WHAT IS EXPECTED:
Nothing in the data should be altered when it is repeated in full.

START MATERIALS PROVIDED

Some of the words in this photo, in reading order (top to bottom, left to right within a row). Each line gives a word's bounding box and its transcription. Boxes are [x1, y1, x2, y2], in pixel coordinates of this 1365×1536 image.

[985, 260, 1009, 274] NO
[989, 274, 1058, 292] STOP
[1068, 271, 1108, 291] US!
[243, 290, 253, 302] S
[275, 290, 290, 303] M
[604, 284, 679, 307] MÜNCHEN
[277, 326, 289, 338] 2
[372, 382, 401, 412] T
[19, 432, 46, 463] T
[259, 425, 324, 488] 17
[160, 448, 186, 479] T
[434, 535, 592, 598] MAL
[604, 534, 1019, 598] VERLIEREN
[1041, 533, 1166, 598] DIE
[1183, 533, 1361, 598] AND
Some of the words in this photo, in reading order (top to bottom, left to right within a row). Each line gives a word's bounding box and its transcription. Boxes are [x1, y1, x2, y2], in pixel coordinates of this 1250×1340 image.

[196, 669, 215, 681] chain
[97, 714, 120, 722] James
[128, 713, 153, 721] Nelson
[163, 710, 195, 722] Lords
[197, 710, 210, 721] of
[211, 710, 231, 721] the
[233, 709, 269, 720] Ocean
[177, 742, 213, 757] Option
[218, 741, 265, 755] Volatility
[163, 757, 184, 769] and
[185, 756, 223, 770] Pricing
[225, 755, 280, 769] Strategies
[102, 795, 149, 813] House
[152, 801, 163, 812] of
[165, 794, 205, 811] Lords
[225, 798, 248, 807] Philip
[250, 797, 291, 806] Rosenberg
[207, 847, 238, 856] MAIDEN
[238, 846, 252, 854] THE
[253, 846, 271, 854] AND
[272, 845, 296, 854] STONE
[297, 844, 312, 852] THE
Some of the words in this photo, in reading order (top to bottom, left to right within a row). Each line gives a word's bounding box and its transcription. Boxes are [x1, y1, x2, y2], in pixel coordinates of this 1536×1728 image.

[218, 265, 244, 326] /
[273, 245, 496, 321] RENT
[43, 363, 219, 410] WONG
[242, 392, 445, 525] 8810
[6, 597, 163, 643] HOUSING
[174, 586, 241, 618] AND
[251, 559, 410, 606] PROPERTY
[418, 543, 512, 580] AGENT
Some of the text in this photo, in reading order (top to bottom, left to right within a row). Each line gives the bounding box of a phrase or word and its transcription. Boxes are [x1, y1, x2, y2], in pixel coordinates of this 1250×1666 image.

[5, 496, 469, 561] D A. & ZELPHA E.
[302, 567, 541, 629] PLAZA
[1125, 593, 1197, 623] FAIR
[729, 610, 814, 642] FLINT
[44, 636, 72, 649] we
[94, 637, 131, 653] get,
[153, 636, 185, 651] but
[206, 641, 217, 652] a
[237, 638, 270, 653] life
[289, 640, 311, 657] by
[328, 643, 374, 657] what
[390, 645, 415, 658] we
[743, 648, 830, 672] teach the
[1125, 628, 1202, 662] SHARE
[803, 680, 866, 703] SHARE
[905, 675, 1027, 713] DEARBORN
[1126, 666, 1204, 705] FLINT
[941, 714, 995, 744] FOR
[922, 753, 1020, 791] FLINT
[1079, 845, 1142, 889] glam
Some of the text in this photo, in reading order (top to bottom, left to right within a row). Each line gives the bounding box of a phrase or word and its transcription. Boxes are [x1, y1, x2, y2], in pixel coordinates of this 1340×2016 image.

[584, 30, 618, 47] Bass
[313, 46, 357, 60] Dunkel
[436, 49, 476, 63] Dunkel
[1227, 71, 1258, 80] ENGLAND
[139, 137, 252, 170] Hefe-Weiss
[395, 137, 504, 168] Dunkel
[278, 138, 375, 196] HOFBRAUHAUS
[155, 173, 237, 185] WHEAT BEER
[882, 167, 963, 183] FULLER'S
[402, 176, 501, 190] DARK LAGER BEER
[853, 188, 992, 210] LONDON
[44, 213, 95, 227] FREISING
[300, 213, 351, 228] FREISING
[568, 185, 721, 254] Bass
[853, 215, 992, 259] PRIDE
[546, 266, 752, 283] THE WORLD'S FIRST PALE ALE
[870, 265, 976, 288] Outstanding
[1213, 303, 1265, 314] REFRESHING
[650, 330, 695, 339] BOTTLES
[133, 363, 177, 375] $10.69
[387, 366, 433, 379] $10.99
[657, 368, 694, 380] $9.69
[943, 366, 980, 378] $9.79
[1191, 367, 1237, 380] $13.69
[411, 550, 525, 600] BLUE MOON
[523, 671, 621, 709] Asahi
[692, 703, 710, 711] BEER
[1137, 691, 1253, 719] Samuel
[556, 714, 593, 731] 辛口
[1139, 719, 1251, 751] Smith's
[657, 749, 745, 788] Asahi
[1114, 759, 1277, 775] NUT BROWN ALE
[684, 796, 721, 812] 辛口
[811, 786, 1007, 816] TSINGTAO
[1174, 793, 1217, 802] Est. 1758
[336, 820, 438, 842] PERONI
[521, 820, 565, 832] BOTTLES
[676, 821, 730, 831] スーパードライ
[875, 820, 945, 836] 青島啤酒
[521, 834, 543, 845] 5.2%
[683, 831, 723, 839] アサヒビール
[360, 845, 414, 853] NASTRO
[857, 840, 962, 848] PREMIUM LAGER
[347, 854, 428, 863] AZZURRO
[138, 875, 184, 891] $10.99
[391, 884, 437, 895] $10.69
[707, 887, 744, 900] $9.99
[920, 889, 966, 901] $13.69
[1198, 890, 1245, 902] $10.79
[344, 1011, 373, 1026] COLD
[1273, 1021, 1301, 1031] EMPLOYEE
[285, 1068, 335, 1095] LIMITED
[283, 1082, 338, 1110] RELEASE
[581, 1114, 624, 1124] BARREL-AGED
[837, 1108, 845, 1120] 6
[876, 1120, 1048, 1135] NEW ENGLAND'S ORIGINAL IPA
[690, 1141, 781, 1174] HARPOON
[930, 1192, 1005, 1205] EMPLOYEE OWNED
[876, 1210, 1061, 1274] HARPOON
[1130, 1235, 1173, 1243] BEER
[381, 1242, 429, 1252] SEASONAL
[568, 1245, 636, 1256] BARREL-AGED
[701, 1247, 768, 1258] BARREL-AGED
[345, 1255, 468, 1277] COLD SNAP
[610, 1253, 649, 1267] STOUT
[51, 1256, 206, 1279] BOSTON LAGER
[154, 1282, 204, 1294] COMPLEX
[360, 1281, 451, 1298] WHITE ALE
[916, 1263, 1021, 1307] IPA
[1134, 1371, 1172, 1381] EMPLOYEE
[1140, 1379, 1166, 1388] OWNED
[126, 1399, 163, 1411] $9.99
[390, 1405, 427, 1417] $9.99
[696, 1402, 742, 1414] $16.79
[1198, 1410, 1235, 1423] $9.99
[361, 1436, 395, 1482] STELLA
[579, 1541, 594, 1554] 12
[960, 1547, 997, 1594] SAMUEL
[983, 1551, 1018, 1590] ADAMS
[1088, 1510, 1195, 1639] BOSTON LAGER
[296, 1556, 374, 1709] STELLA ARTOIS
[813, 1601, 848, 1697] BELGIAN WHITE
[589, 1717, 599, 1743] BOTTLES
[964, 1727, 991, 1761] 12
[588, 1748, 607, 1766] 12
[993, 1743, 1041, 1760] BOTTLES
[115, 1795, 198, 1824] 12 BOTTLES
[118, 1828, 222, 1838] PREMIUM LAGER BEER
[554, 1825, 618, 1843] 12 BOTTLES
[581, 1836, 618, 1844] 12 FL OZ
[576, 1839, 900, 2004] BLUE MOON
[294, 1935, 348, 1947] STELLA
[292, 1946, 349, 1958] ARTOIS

END MATERIALS PROVIDED

TASK RESPONSE:
Some of the words in this photo, in reading order (top to bottom, left to right within a row). Each line gives a word's bounding box and its transcription. Boxes are [x1, y1, x2, y2], in pixel coordinates of this 1365×1536 image.

[985, 260, 1009, 274] NO
[989, 274, 1058, 292] STOP
[1068, 271, 1108, 291] US!
[243, 290, 253, 302] S
[275, 290, 290, 303] M
[604, 284, 679, 307] MÜNCHEN
[277, 326, 289, 338] 2
[372, 382, 401, 412] T
[19, 432, 46, 463] T
[259, 425, 324, 488] 17
[160, 448, 186, 479] T
[434, 535, 592, 598] MAL
[604, 534, 1019, 598] VERLIEREN
[1041, 533, 1166, 598] DIE
[1183, 533, 1361, 598] AND
Some of the words in this photo, in reading order (top to bottom, left to right within a row). Each line gives a word's bounding box and its transcription. Boxes are [x1, y1, x2, y2], in pixel coordinates of this 1250×1340 image.

[196, 669, 215, 681] chain
[97, 714, 120, 722] James
[128, 713, 153, 721] Nelson
[163, 710, 195, 722] Lords
[197, 710, 210, 721] of
[211, 710, 231, 721] the
[233, 709, 269, 720] Ocean
[177, 742, 213, 757] Option
[218, 741, 265, 755] Volatility
[163, 757, 184, 769] and
[185, 756, 223, 770] Pricing
[225, 755, 280, 769] Strategies
[102, 795, 149, 813] House
[152, 801, 163, 812] of
[165, 794, 205, 811] Lords
[225, 798, 248, 807] Philip
[250, 797, 291, 806] Rosenberg
[207, 847, 238, 856] MAIDEN
[238, 846, 252, 854] THE
[253, 846, 271, 854] AND
[272, 845, 296, 854] STONE
[297, 844, 312, 852] THE
Some of the words in this photo, in reading order (top to bottom, left to right within a row). Each line gives a word's bounding box and its transcription. Boxes are [x1, y1, x2, y2], in pixel coordinates of this 1536×1728 image.

[218, 265, 244, 326] /
[273, 245, 496, 321] RENT
[43, 363, 219, 410] WONG
[242, 392, 445, 525] 8810
[6, 597, 163, 643] HOUSING
[174, 586, 241, 618] AND
[251, 559, 410, 606] PROPERTY
[418, 543, 512, 580] AGENT
Some of the text in this photo, in reading order (top to bottom, left to right within a row). Each line gives the bounding box of a phrase or word and its transcription. Boxes are [x1, y1, x2, y2], in pixel coordinates of this 1250×1666 image.

[5, 496, 469, 561] D A. & ZELPHA E.
[302, 567, 541, 629] PLAZA
[1125, 593, 1197, 623] FAIR
[729, 610, 814, 642] FLINT
[44, 636, 72, 649] we
[94, 637, 131, 653] get,
[153, 636, 185, 651] but
[206, 641, 217, 652] a
[237, 638, 270, 653] life
[289, 640, 311, 657] by
[328, 643, 374, 657] what
[390, 645, 415, 658] we
[743, 648, 830, 672] teach the
[1125, 628, 1202, 662] SHARE
[803, 680, 866, 703] SHARE
[905, 675, 1027, 713] DEARBORN
[1126, 666, 1204, 705] FLINT
[941, 714, 995, 744] FOR
[922, 753, 1020, 791] FLINT
[1079, 845, 1142, 889] glam
Some of the text in this photo, in reading order (top to bottom, left to right within a row). Each line gives the bounding box of a phrase or word and its transcription. Boxes are [x1, y1, x2, y2], in pixel coordinates of this 1340×2016 image.

[584, 30, 618, 47] Bass
[313, 46, 357, 60] Dunkel
[436, 49, 476, 63] Dunkel
[1227, 71, 1258, 80] ENGLAND
[139, 137, 252, 170] Hefe-Weiss
[395, 137, 504, 168] Dunkel
[278, 138, 375, 196] HOFBRAUHAUS
[155, 173, 237, 185] WHEAT BEER
[882, 167, 963, 183] FULLER'S
[402, 176, 501, 190] DARK LAGER BEER
[853, 188, 992, 210] LONDON
[44, 213, 95, 227] FREISING
[300, 213, 351, 228] FREISING
[568, 185, 721, 254] Bass
[853, 215, 992, 259] PRIDE
[546, 266, 752, 283] THE WORLD'S FIRST PALE ALE
[870, 265, 976, 288] Outstanding
[1213, 303, 1265, 314] REFRESHING
[650, 330, 695, 339] BOTTLES
[133, 363, 177, 375] $10.69
[387, 366, 433, 379] $10.99
[657, 368, 694, 380] $9.69
[943, 366, 980, 378] $9.79
[1191, 367, 1237, 380] $13.69
[411, 550, 525, 600] BLUE MOON
[523, 671, 621, 709] Asahi
[692, 703, 710, 711] BEER
[1137, 691, 1253, 719] Samuel
[556, 714, 593, 731] 辛口
[1139, 719, 1251, 751] Smith's
[657, 749, 745, 788] Asahi
[1114, 759, 1277, 775] NUT BROWN ALE
[684, 796, 721, 812] 辛口
[811, 786, 1007, 816] TSINGTAO
[1174, 793, 1217, 802] Est. 1758
[336, 820, 438, 842] PERONI
[521, 820, 565, 832] BOTTLES
[676, 821, 730, 831] スーパードライ
[875, 820, 945, 836] 青島啤酒
[521, 834, 543, 845] 5.2%
[683, 831, 723, 839] アサヒビール
[360, 845, 414, 853] NASTRO
[857, 840, 962, 848] PREMIUM LAGER
[347, 854, 428, 863] AZZURRO
[138, 875, 184, 891] $10.99
[391, 884, 437, 895] $10.69
[707, 887, 744, 900] $9.99
[920, 889, 966, 901] $13.69
[1198, 890, 1245, 902] $10.79
[344, 1011, 373, 1026] COLD
[1273, 1021, 1301, 1031] EMPLOYEE
[285, 1068, 335, 1095] LIMITED
[283, 1082, 338, 1110] RELEASE
[581, 1114, 624, 1124] BARREL-AGED
[837, 1108, 845, 1120] 6
[876, 1120, 1048, 1135] NEW ENGLAND'S ORIGINAL IPA
[690, 1141, 781, 1174] HARPOON
[930, 1192, 1005, 1205] EMPLOYEE OWNED
[876, 1210, 1061, 1274] HARPOON
[1130, 1235, 1173, 1243] BEER
[381, 1242, 429, 1252] SEASONAL
[568, 1245, 636, 1256] BARREL-AGED
[701, 1247, 768, 1258] BARREL-AGED
[345, 1255, 468, 1277] COLD SNAP
[610, 1253, 649, 1267] STOUT
[51, 1256, 206, 1279] BOSTON LAGER
[154, 1282, 204, 1294] COMPLEX
[360, 1281, 451, 1298] WHITE ALE
[916, 1263, 1021, 1307] IPA
[1134, 1371, 1172, 1381] EMPLOYEE
[1140, 1379, 1166, 1388] OWNED
[126, 1399, 163, 1411] $9.99
[390, 1405, 427, 1417] $9.99
[696, 1402, 742, 1414] $16.79
[1198, 1410, 1235, 1423] $9.99
[361, 1436, 395, 1482] STELLA
[579, 1541, 594, 1554] 12
[960, 1547, 997, 1594] SAMUEL
[983, 1551, 1018, 1590] ADAMS
[1088, 1510, 1195, 1639] BOSTON LAGER
[296, 1556, 374, 1709] STELLA ARTOIS
[813, 1601, 848, 1697] BELGIAN WHITE
[589, 1717, 599, 1743] BOTTLES
[964, 1727, 991, 1761] 12
[588, 1748, 607, 1766] 12
[993, 1743, 1041, 1760] BOTTLES
[115, 1795, 198, 1824] 12 BOTTLES
[118, 1828, 222, 1838] PREMIUM LAGER BEER
[554, 1825, 618, 1843] 12 BOTTLES
[581, 1836, 618, 1844] 12 FL OZ
[576, 1839, 900, 2004] BLUE MOON
[294, 1935, 348, 1947] STELLA
[292, 1946, 349, 1958] ARTOIS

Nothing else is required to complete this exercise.